[Collected data]
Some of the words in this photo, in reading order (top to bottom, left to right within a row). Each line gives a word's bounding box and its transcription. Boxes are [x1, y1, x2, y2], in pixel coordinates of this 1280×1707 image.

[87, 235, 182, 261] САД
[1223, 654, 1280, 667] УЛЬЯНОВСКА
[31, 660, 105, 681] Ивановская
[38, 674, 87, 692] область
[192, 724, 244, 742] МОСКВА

**REQUIREMENT:** In full and without change, transcribe the entries.

**EXERCISE RESULT:**
Some of the words in this photo, in reading order (top to bottom, left to right within a row). Each line gives a word's bounding box and its transcription. Boxes are [x1, y1, x2, y2], in pixel coordinates of this 1280×1707 image.

[87, 235, 182, 261] САД
[1223, 654, 1280, 667] УЛЬЯНОВСКА
[31, 660, 105, 681] Ивановская
[38, 674, 87, 692] область
[192, 724, 244, 742] МОСКВА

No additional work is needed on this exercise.